ExxonMobil Corp. investors have been a little antsy about all of the capital investments over the past five years with seemingly little to show for it, CEO Rex Tillerson said last week. He acknowledged that a lot of money has been invested in projects yet to bear fruit and said the company’s forecast on U.S. natural gas prices didn’t hit the mark.
Capital expenditures (capex) have been at “extraordinarily high levels” since 2008, including the $40 billion takeover of XTO Energy Inc., which gave ExxonMobil ownership of the North American natural gas franchise. It’s also been spending massive amounts on various unconventional projects, including the Kearl oilsands development in Western Canada, as well as global liquefied natural gas (LNG) and a renewed focus on the deepwater Gulf of Mexico (GOM).
At the same time, ExxonMobil was pressured by low, sustained natural gas prices “for longer than we expected,” Tillerson acknowledged to shareholders at the annual meeting in Dallas. “We have had pent up capacity, and the ability of smaller producers to keep more capacity coming online longer than we thought industry could sustain…Industry missed slightly on capacity.” On its near-term outlook, ExxonMobil was off “maybe a year or two.”
However, XTO and other gas projects were “undertaken for a 30- to 40-year view. We’re not too concerned about that. The market has looked at the huge capex, and the market is now waiting to see how it’s going to turn out. Throughout all of that though, we had our second highest earnings ever last year…We had industry-leading safety results…And we’re still investing…The market will recognize that ExxonMobil didn’t go anywhere. We’re right where we’ve always been.

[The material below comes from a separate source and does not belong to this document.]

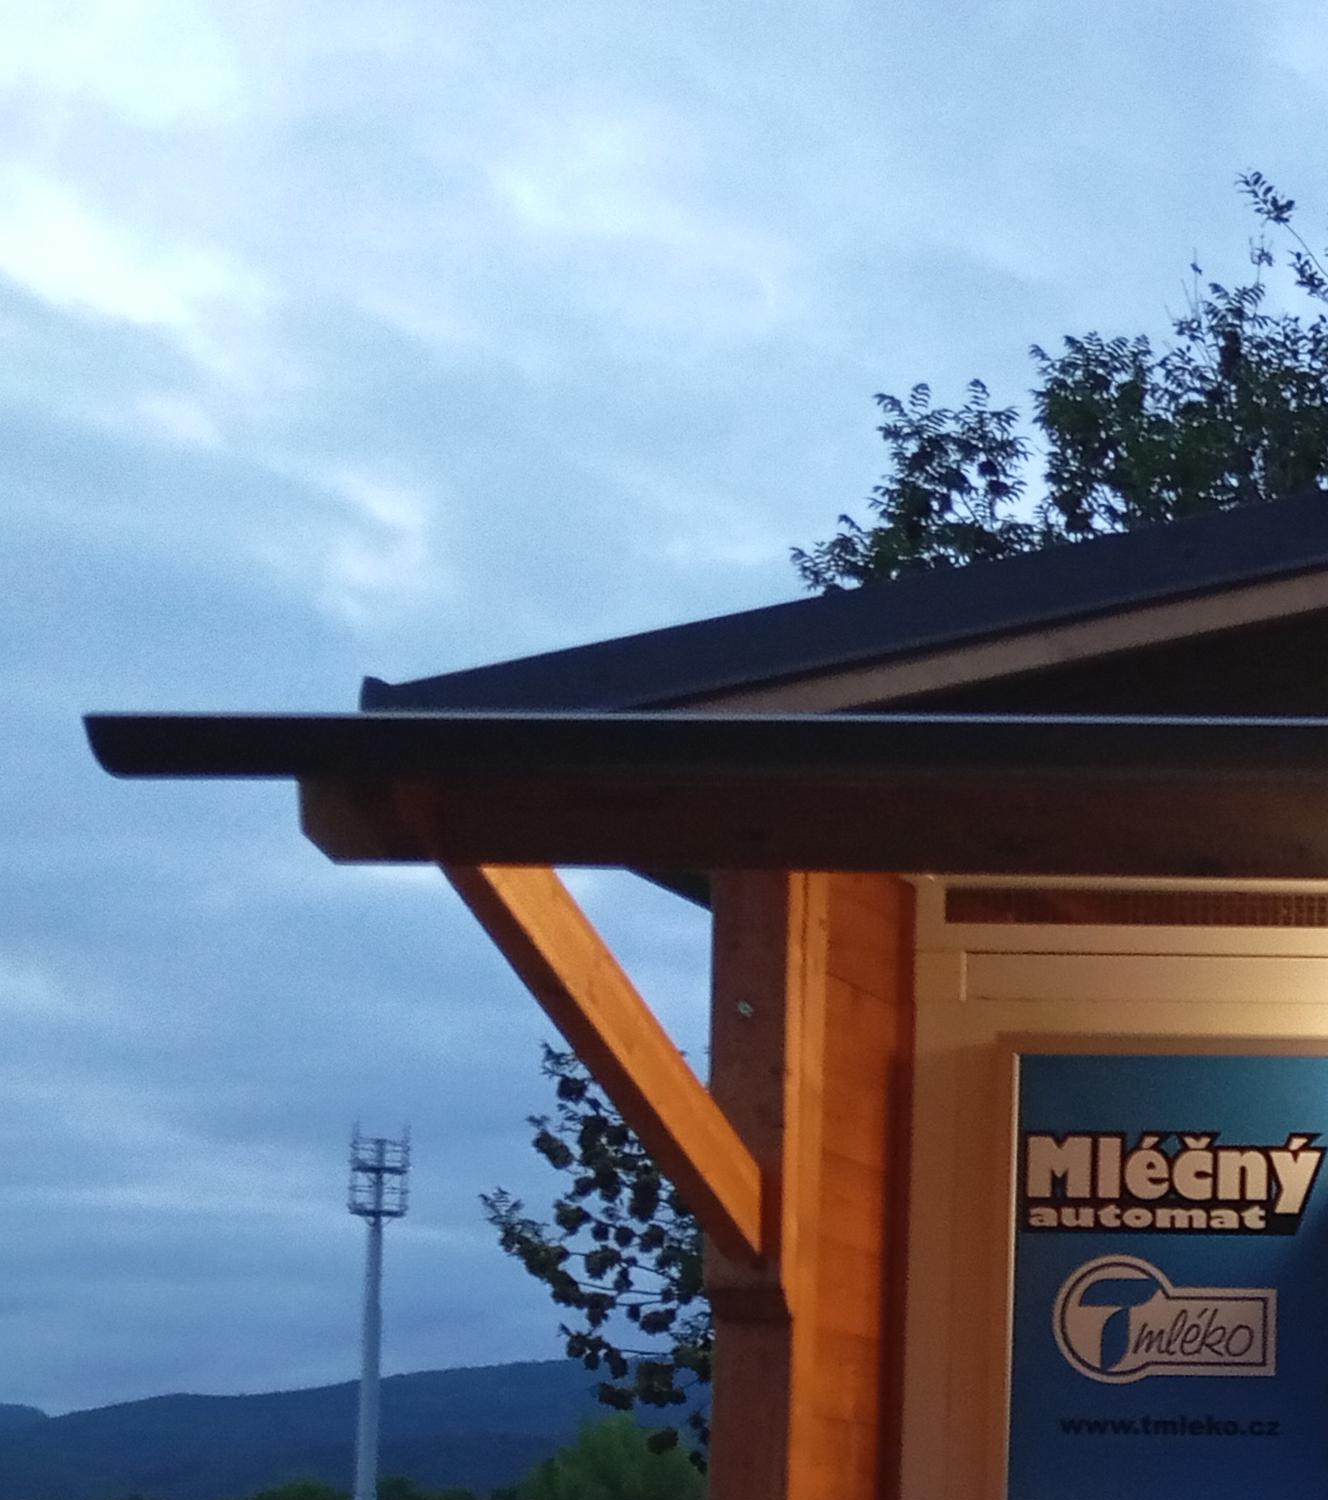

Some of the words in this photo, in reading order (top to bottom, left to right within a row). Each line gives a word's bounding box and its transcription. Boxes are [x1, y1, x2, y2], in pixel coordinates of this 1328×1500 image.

[1027, 1135, 1322, 1214] Mléčný
[1029, 1205, 1267, 1230] automat
[1058, 1414, 1281, 1437] www.tmleko.cz

“We make the same pitch today. We meet with the buy-side analysts, those who own the stock, and make sure they understand where we’re going…We’ve been investing heavily, and we’ve got to deliver on the massive investment” at Kearl, in the Russia exploration endeavor, in the LNG projects. “We’ve got to deliver.”
The operator also is making a big splash back into the GOM. Capex in the U.S. offshore began ramping up last year after languishing for close to five years on high costs and few discoveries. The reason to reenter the GOM now is the same reason that ExxonMobil found to pour money into the U.S. onshore: breakthrough technology.
ExxonMobil since 2008 has directed a lot of its capex to natural gas, and it will continue to do so to prepare for what it still sees as a 65% growth in gas use by 2040. However, the deepwater is becoming a bigger draw because of technology’s ability to view potential prospects. Seismic imaging has enabled the operator’s geologists and engineers to more thoroughly assess subsea deposits that had escaped their views in the deepest trenches of the deepwater, Tillerson said.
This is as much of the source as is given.